Nadie podía prever la cercanía del epicentro ni la magnitud ni la dramática amplificación de la onda telúrica, pero ya sabíamos que la sobreexplotación del acuífero y las muchas fugas en las viejas tuberías, gota a gota, estaban debilitando el suelo de la capital todos los días y que literalmente, están hundiendo a la Ciudad.
Y el problema viene de muy lejos: desde que se implantó en México el pensamiento económico único con su “disciplina fiscal” a costa de lo que sea y pase lo que pase (incluso, a costa de cientos de vidas humanas). Y por otro lado, la “austeridad” con apellidos, esa forma de empobrecimiento material que se rehúsa a invertir en lo fundamental: el agua, el líquido vital del que carecen los más pobres.
Así que si algún sentido tiene la reconstrucción de la Ciudad (en su sentido más esencial) es este: una radical modernización de la red de agua y drenaje de la Ciudad de México.
Es un problemón que viene de muy lejos. Los aztecas no son inocentes como se cree: si bien supieron establecer diques para separar el agua dulce de las aguas salobres que produce el suelo de la zona, ellos fueron los primeros en alterar las condiciones de la vida lacustre, expandiendo una isla, ganando terreno al lago, pero claro, a una escala ceñida y manejable.
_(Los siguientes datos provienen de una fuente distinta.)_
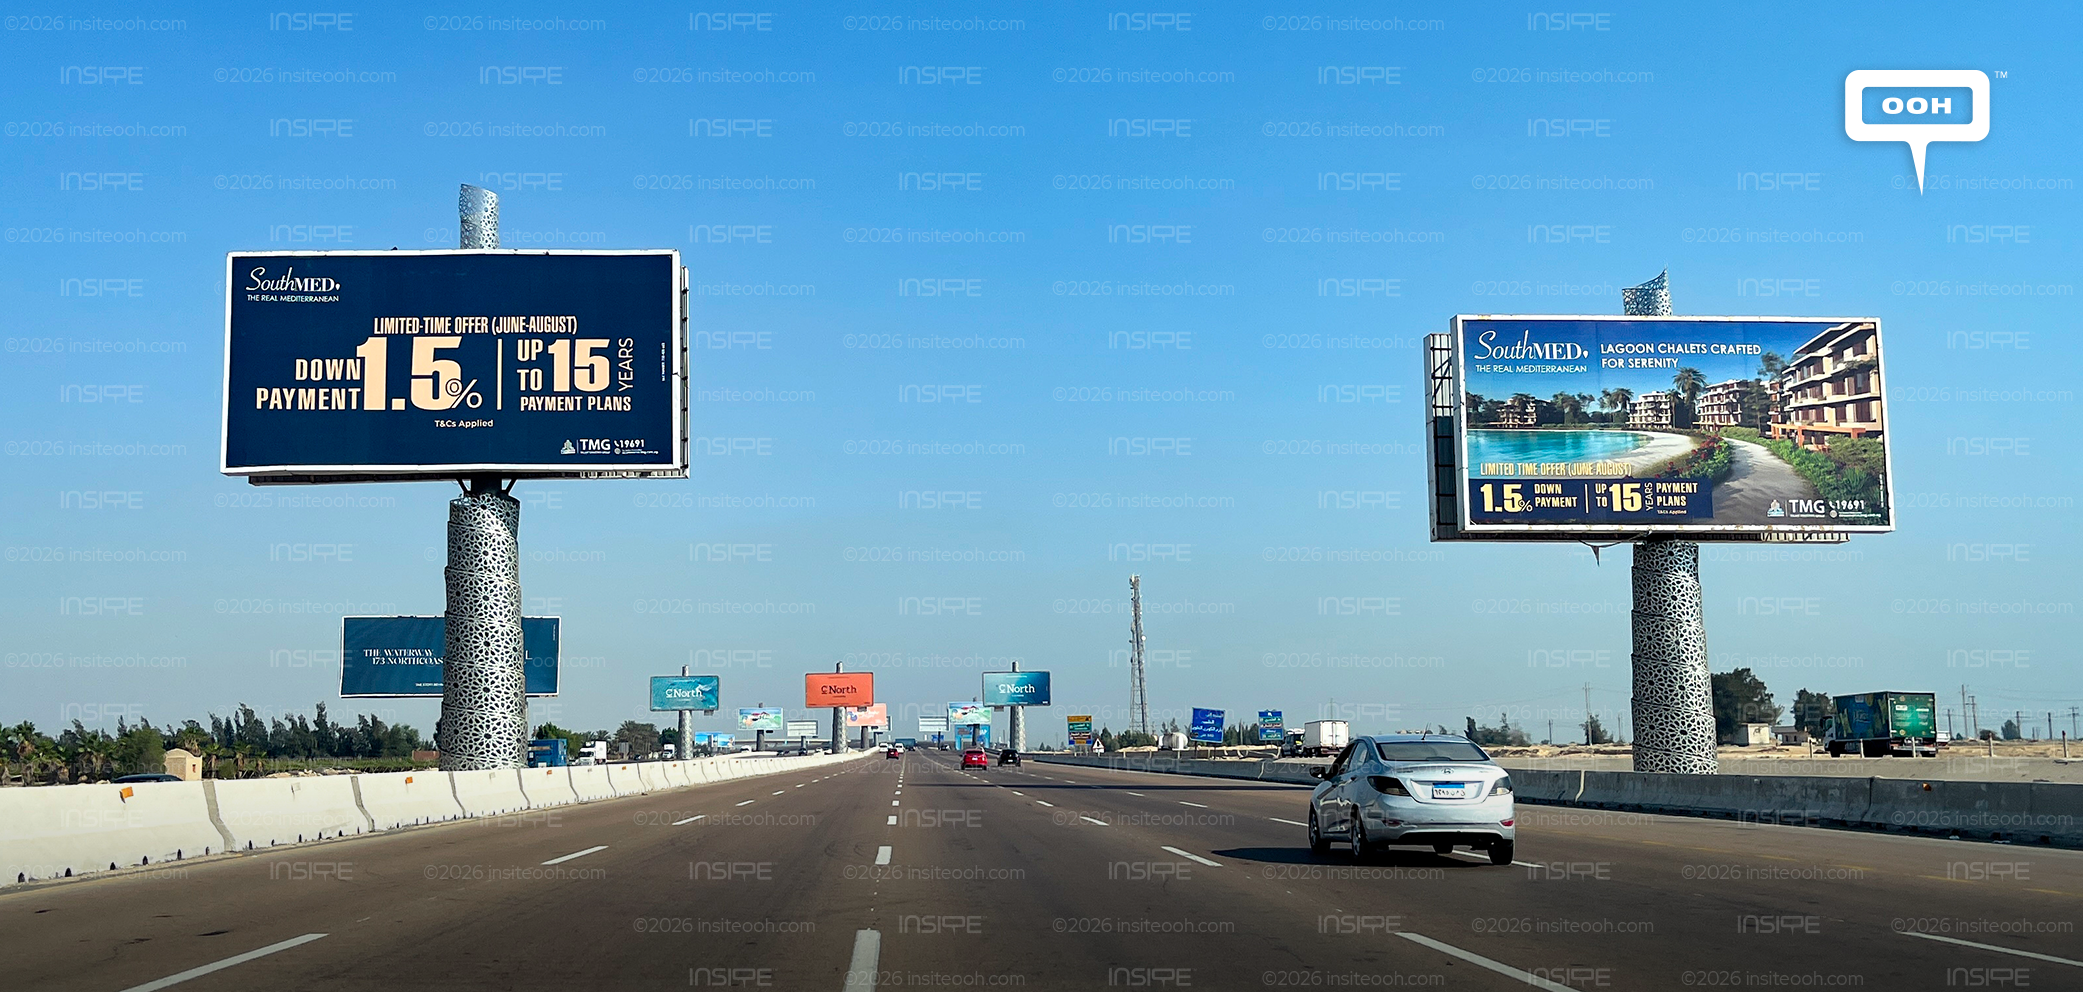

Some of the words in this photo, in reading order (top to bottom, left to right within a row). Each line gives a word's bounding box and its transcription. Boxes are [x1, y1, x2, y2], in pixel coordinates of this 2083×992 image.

[247, 294, 260, 302] THE
[280, 295, 340, 303] MEDITERRANEAN
[373, 317, 452, 334] LIMITED-TIME
[454, 316, 489, 334] OFFER
[491, 315, 578, 336] (JUNE-AUGUST)
[517, 339, 544, 362] UP
[1600, 343, 1655, 354] LAGOON
[1657, 343, 1708, 354] CHALETS
[1710, 344, 1762, 355] CRAFTED
[547, 338, 611, 393] 15
[617, 337, 634, 392] YEARS
[1475, 364, 1491, 373] THE
[1493, 364, 1513, 373] REAL
[1515, 364, 1588, 374] MEDITERRANEAN
[1601, 358, 1626, 369] FOR
[1628, 357, 1679, 369] SERENITY
[295, 358, 361, 381] DOWN
[516, 368, 543, 391] TO
[256, 387, 361, 410] PAYMENT
[520, 396, 584, 412] PAYMENT
[587, 396, 632, 411] PLANS
[434, 419, 457, 428] T&Cs
[458, 419, 494, 429] Applied
[579, 439, 611, 451] TMG
[619, 439, 645, 448] 19691
[1540, 462, 1567, 476] OFFER
[1534, 483, 1562, 494] DOWN
[1595, 483, 1607, 494] UP
[1656, 482, 1698, 493] PAYMENT
[1535, 496, 1578, 508] PAYMENT
[1595, 497, 1608, 508] TO
[1608, 483, 1642, 512] 15
[1644, 482, 1654, 511] YEARS
[1656, 495, 1687, 506] PLANS
[1788, 499, 1826, 513] TMG
[1835, 500, 1865, 510] 19691
[363, 649, 382, 657] THE
[383, 649, 434, 657] WATERWAY
[372, 657, 386, 665] 173
No obstante los conquistadores, acostumbrados a vivir en tierra firme con ríos al lado, pero no sobre pequeñas embarcaciones (chalupas), tuvieron como segunda obsesión imperial (la primera era sucumbir las pirámides y colocar los templos sobre de ella) desecar los lagos, destruyendo esos diques –segundo gran error ecológico en la Ciudad de México– lo que provocó inundaciones históricas a los largo de los siguientes siglos.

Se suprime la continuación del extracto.